Recipe - Alu Gobhi
Categories: None, Alu Gobhi
2 pound Potatoes; cut into 1/2"
cubes
4 ounce Ghii; (or 1 stick butter)
One half cup Oil; mustard, (or as little
as One fourth C.)
One half teaspoon Rai ; (black mustard seeds)
1 Onion; medium, chopped
2 tablespoon Ginger; fresh, finely
slivered
2 teaspoon Amchoor; ground , (dried
green mango)
1 One half teaspoon Haldi; ground , (turmeric)
1 One half teaspoon Dhania; ground , (coriander)
1 One half teaspoon Jeera; ground , (cumin)
1 teaspoon Paprika; powder
1 teaspoon Mirch; lal, powder,
(cayenne)
One fourth teaspoon Hing; powder , (asafoetida)
3 pound Cauliflower; cut into
flowerets
2 Tomatoes; fresh, ripe,
peeled, minced
Salt to taste
(from Von Welanetz Guide to Ingredients) (A Punjabi recipe originally
from Paul Bhalla's Cuisine of India restaurant in Los Angeles)
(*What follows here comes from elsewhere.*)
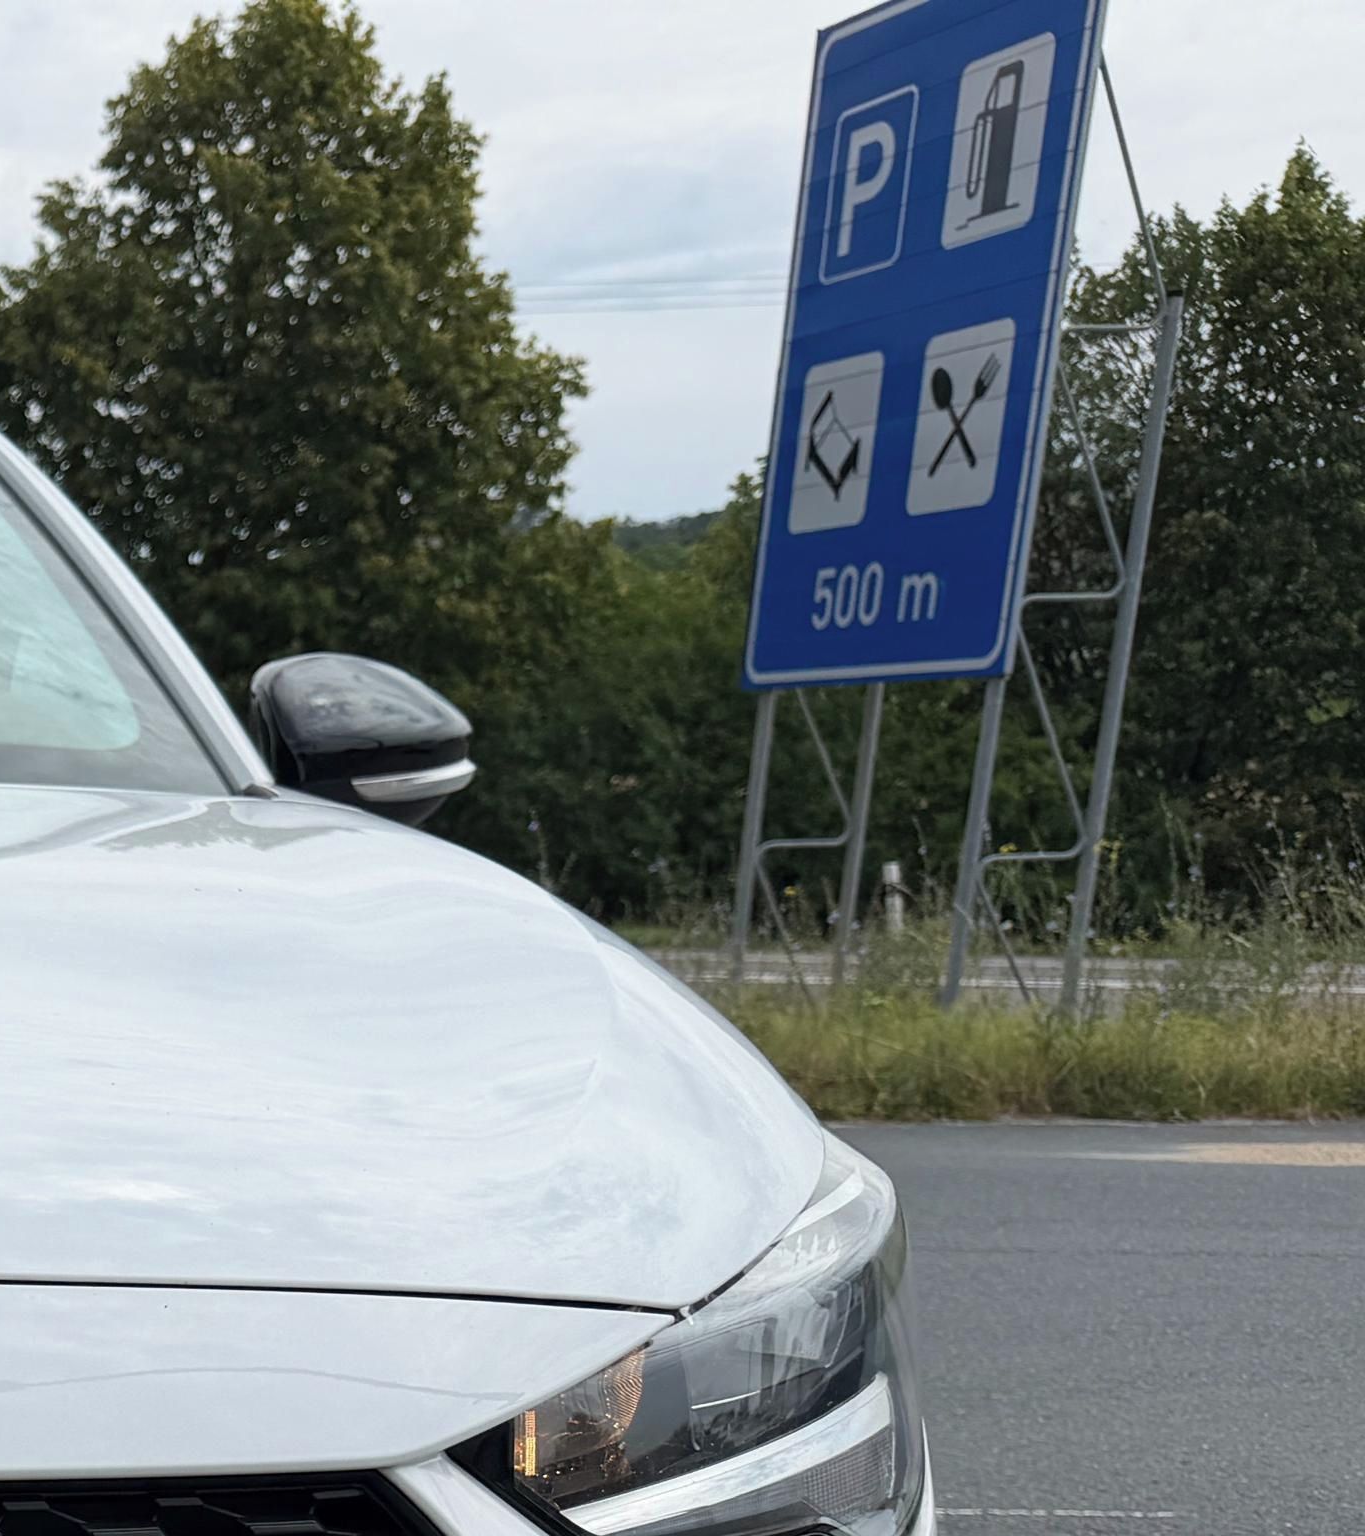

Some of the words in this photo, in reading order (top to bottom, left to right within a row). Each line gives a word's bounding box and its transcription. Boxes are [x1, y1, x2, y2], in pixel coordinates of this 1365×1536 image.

In a large wok, heat ghii and brown potatoes lightly. Remove the
potatoes and remaining ghii/butter and set potatoes aside, reserving
the ghii/butter.
Pour in the mustard oil. [To prepare mustard oil for cooking, heat
until oil just begins to smoke, then let cool a bit. Reheat and begin
cooking.] When the oil is hot (but not smoking), add the mustard
seeds. Almost immediately they will begin to pop. Stir in the onion
and toss until lightly browned. Reduce heat and add all remaining
spices. Cook, stirring constantly, until lightly toasted.
Add cauliflower and fry a little bit, until cauliflower is to the
point that it and potatoes both need the same amount of cooking time
to be fully cooked. [After frying the cauliflower just a bit, I add
about One fourth C. water to keep everything from sticking/burning, but this
probably wouldn't be necessary if I used nonstick cookware.]
Add potatoes and tomatoes, cover, and cook until done.
Add reserved ghii/butter and salt to taste.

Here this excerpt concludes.